Placing a folded blanket or pillow beneath your head will help relieve any tension or scrunching in your neck muscles. Your neck should feel relaxed, and your forehead should be just little higher than your chin.
After you’ve settled in, allow yourself to unwind and let gravity take care of the work. Let your body release and descend to the ground.
Spend five to ten minutes here. If you have the time to stay longer, do so because doing so will allow your body more time to submit to gravity.
You now have the ideal opportunity to practice svadhyaya, with your body at peace and supported by the ground underneath you:
- Bring your focus within.
- Slowly scan your body, paying attention to anything that catches your eye.
- Feel the sensations as they come on, then observe how they go away.
- Pay attention to the smooth ups and downs of your breath.

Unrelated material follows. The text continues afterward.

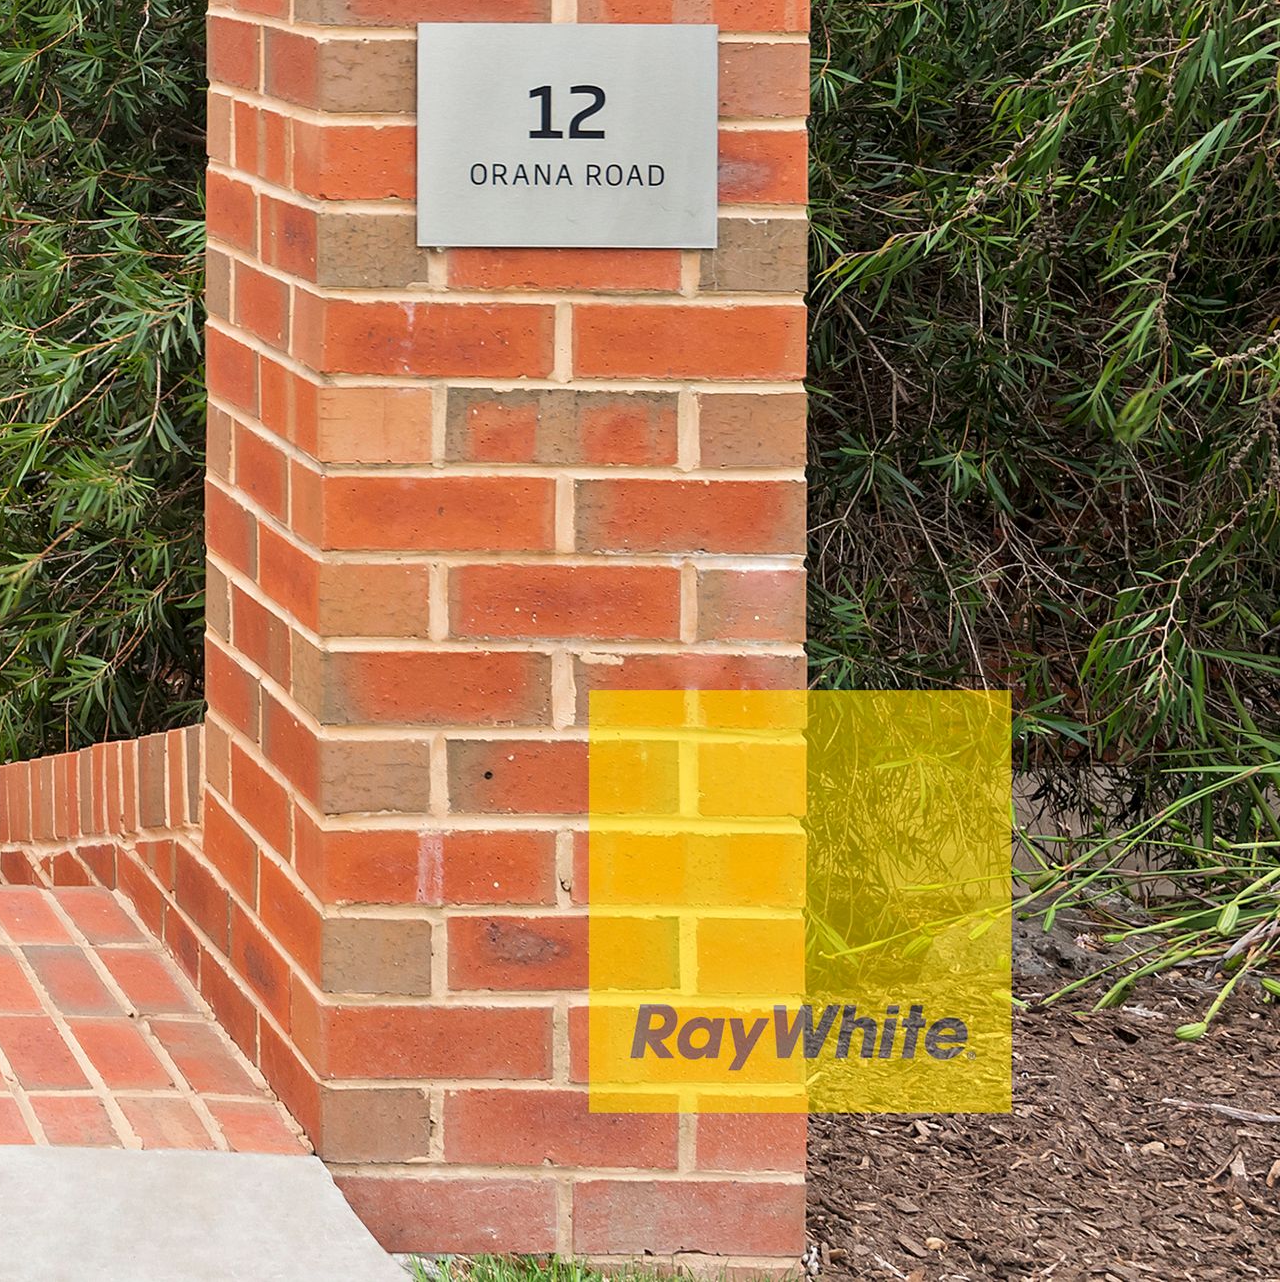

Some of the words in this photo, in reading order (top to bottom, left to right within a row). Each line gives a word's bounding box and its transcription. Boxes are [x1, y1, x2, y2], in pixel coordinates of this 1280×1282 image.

[530, 85, 605, 139] 12
[471, 164, 573, 185] ORANA
[587, 164, 664, 186] ROAD

- Keep an eye on how your body sunk into the ground. Does one component sink more than another? Are certain areas heavier than others?
- As you continue to hold the position, pay attention to whether this weight distribution changes.

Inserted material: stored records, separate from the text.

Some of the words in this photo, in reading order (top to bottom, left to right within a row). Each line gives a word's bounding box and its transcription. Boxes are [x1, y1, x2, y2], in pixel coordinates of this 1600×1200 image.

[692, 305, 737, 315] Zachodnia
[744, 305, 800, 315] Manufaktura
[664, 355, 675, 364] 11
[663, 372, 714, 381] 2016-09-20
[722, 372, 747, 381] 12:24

- Keep track of any adjustments or changes in your breath, body, thoughts, or heart as the minutes pass.
Windshield Wiper Pose
Bring your knees together as you walk your feet farther apart from Constructive Rest Pose. As you exhale, move both knees to the left while keeping your feet this wide; as you inhale, move both knees back to the center. Swipe both knees to the right on your subsequent exhalation; on your subsequent inhalation, bring them back to the center.

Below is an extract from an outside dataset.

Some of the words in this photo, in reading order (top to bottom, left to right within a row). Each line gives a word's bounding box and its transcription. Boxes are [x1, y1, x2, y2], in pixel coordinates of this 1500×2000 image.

Slowly, in time with the breath, move the knees back and forth. After making an equal number of swipes to each side, stop with your knees in the middle. Take note of the results of your recent actions.
Psoas Release Trauma
One of the deepest muscles in the human body, the psoas is joined to the inner neck, diaphragm, and pelvic floor. It is also referred to as “the muscle of the soul.” This deep fascial line has strong ties to holding patterns, trauma that has been buried, and suppressed emotions.
The psoas is a fight-or-flight muscle, and it begins to clench and tighten over time when you are under chronic stress or have gone through trauma. This ultimately locks your structure into a state of fight or flight and causes greater pain and dysfunction in the hips and other body parts. More about comfortable yoga mats to help you train psoas.
It is much harder to unwind and quiet your thoughts while your fight or flight muscles, such as the psoas, are locked in the “on” position. I think that’s why persons who have trouble maintaining a healthy balance in their mental health frequently exhibit this particular muscle constraint.
The four yoga poses listed below can help your psoas muscle relax and soften:
15-20 minutes of legs up the wall
Locate a wall void, then move your hips up near to the wall. The soles of your feet should be facing the ceiling when you raise your legs up the wall while lying on your back.
You can choose to position a sandbag on top of the bottoms of the feet or raise your hips by placing them under a pillow. Give yourself lots of time in this position, allowing your muscles to feel heavy and breathing into your belly.
For 5–10 minutes, do the butterfly up the wall version.
Bend the knees as you climb the wall, then place your feet hip-distance apart on the surface. Bring the outer borders of the feet up against the wall and spread out your knees. Although they won’t be touching, the soles of the feet will be facing one another.
Pose of productive rest lasting 15–20 minutes.
With your knees bent, lie on your back. Place your feet wider than the distance between your hips. Bring a yoga block with a narrow setting in between your thighs as you let your knees cave in.
5–10 minutes of Savasana with the head down.
Stack one to two bolsters facedown on your mat. Lie face-down over the bolsters with the short edge aligned with the front of your hips. Your knees should be bent and slightly out to the side. Allow your arms and head to hang over the bolster’s front edge.